Problem statement: The entries that follow must be given again exactly, with the pictures excluded.

Records supplied:
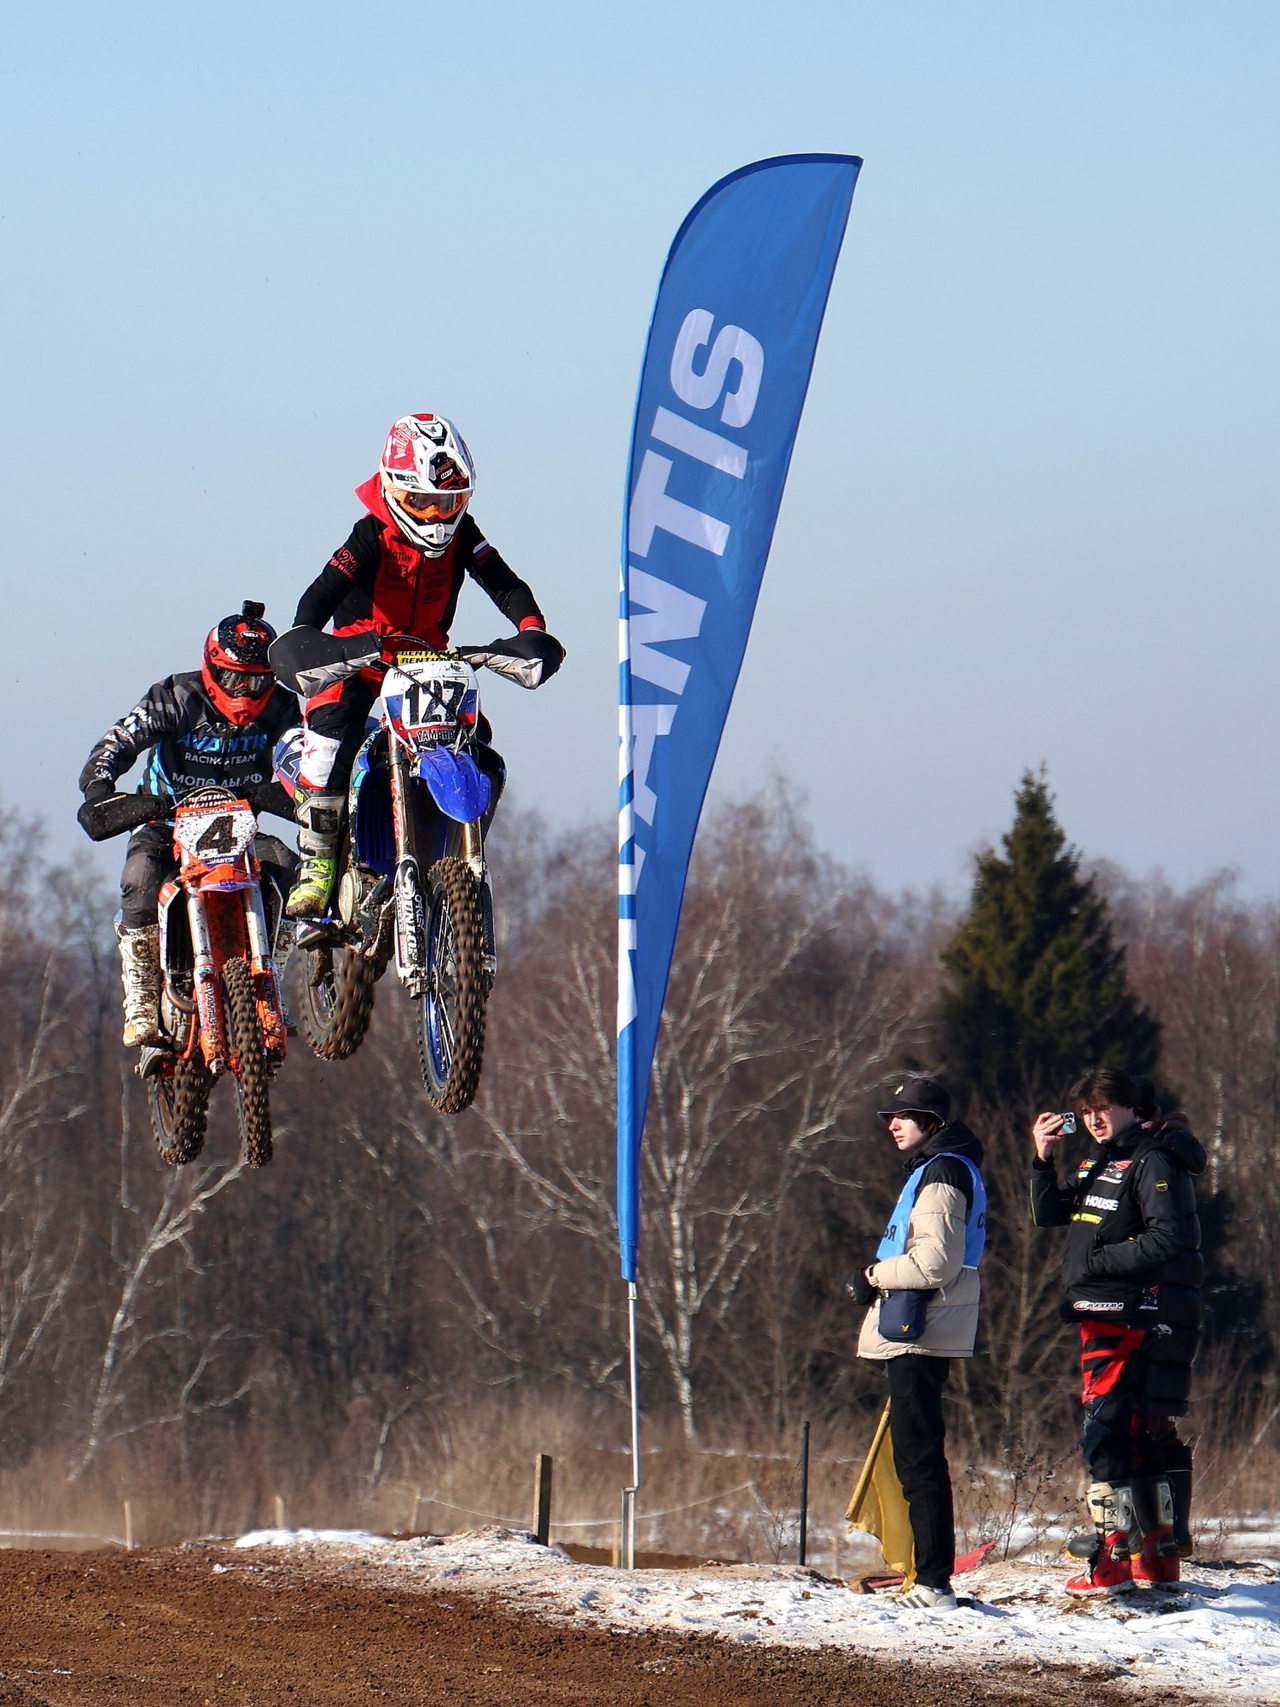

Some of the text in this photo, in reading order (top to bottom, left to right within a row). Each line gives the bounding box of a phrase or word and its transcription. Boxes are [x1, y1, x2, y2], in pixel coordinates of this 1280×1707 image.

[405, 679, 467, 726] 127
[417, 728, 456, 742] YAMAHA
[231, 753, 257, 764] TEAM
[196, 815, 238, 854] 4
[414, 894, 425, 931] OAKLEY
[1085, 1194, 1120, 1212] HOUSE
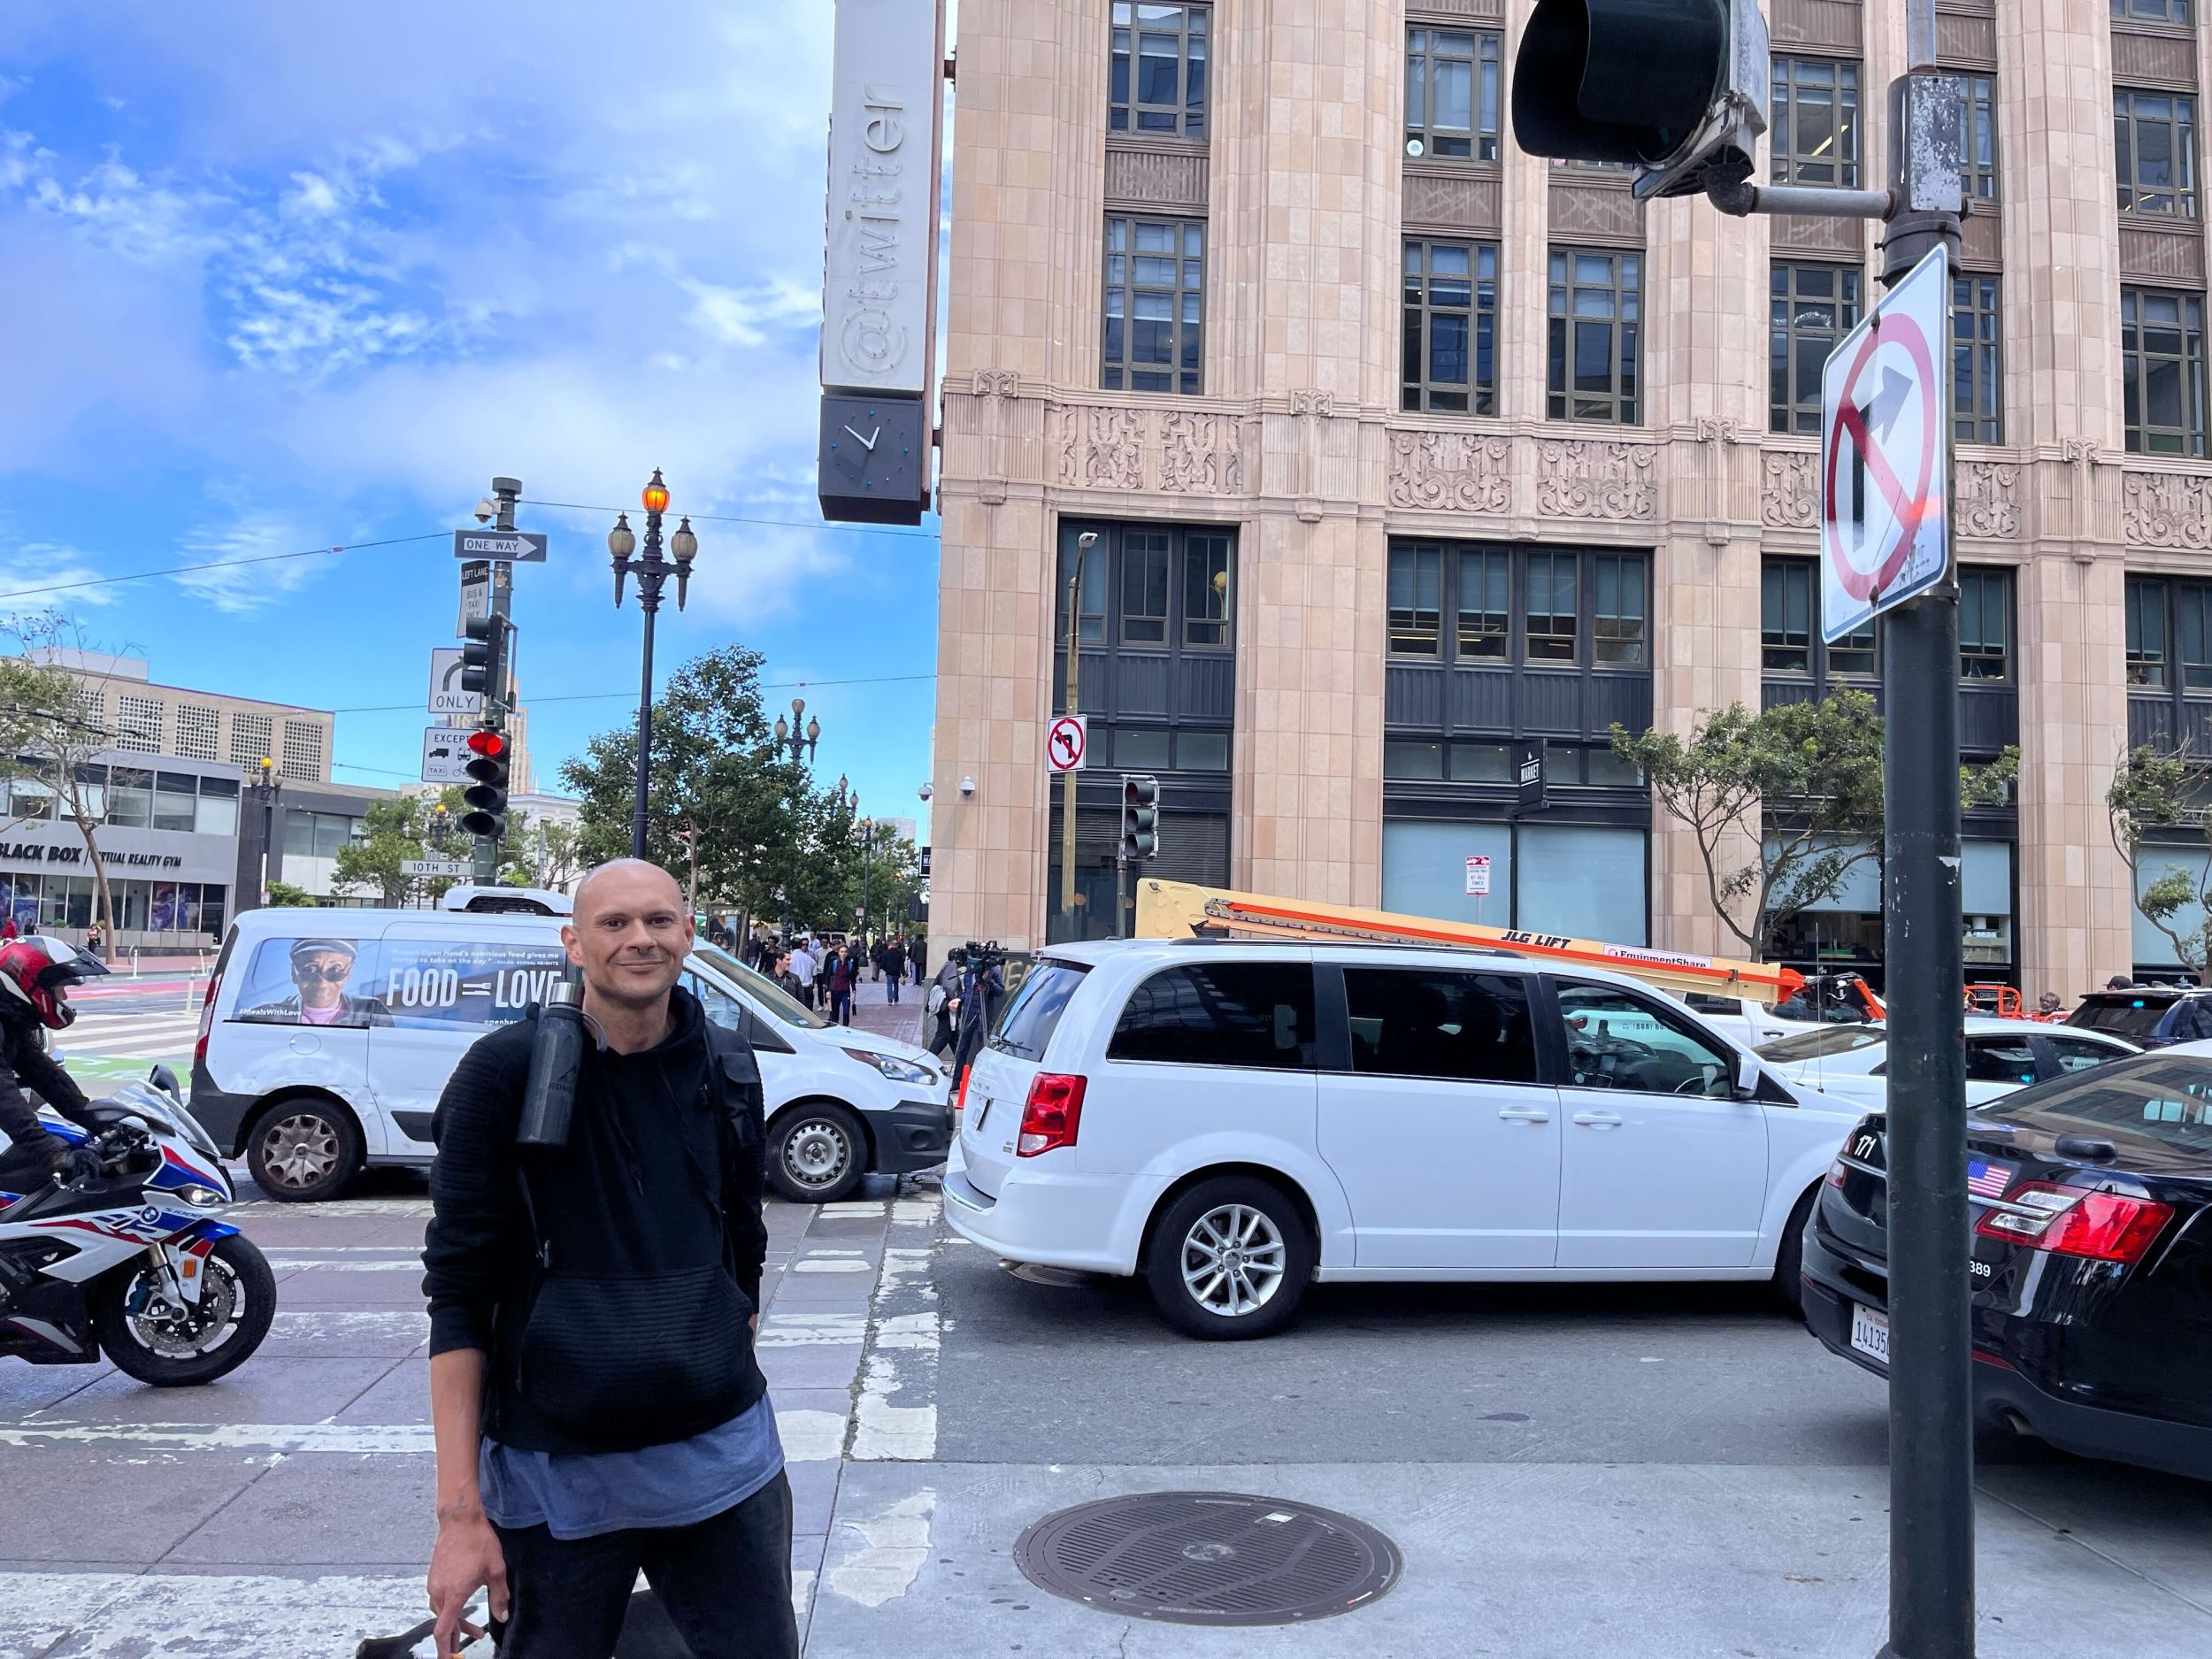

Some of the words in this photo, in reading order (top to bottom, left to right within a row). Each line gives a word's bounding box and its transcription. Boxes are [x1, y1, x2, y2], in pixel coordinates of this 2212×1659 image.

[841, 83, 907, 374] @twitter
[466, 540, 489, 550] ONE
[495, 540, 518, 551] WAY
[462, 570, 474, 580] LEFT
[474, 567, 488, 577] LANE
[466, 589, 477, 599] BUS
[478, 588, 482, 596] &
[436, 695, 474, 709] ONLY
[1520, 763, 1540, 783] MARKET
[47, 846, 83, 863] BOX
[128, 853, 162, 866] REALITY
[163, 856, 181, 867] GYM
[413, 863, 439, 872] 10TH
[447, 864, 460, 873] ST
[1501, 931, 1532, 943] JLG
[1534, 934, 1571, 949] LIFT
[386, 967, 458, 1007] FOOD
[1855, 1135, 1877, 1158] 171
[1970, 1261, 1991, 1277] 389

Solution to this problem:
Some of the text in this photo, in reading order (top to bottom, left to right within a row). Each line gives the bounding box of a phrase or word and its transcription. Boxes are [x1, y1, x2, y2], in pixel coordinates of this 1280×1707 image.

[405, 679, 467, 726] 127
[417, 728, 456, 742] YAMAHA
[231, 753, 257, 764] TEAM
[196, 815, 238, 854] 4
[414, 894, 425, 931] OAKLEY
[1085, 1194, 1120, 1212] HOUSE

Some of the words in this photo, in reading order (top to bottom, left to right within a row). Each line gives a word's bounding box and its transcription. Boxes are [x1, y1, x2, y2], in pixel coordinates of this 2212×1659 image.

[841, 83, 907, 374] @twitter
[466, 540, 489, 550] ONE
[495, 540, 518, 551] WAY
[462, 570, 474, 580] LEFT
[474, 567, 488, 577] LANE
[466, 589, 477, 599] BUS
[478, 588, 482, 596] &
[436, 695, 474, 709] ONLY
[1520, 763, 1540, 783] MARKET
[47, 846, 83, 863] BOX
[128, 853, 162, 866] REALITY
[163, 856, 181, 867] GYM
[413, 863, 439, 872] 10TH
[447, 864, 460, 873] ST
[1501, 931, 1532, 943] JLG
[1534, 934, 1571, 949] LIFT
[386, 967, 458, 1007] FOOD
[1855, 1135, 1877, 1158] 171
[1970, 1261, 1991, 1277] 389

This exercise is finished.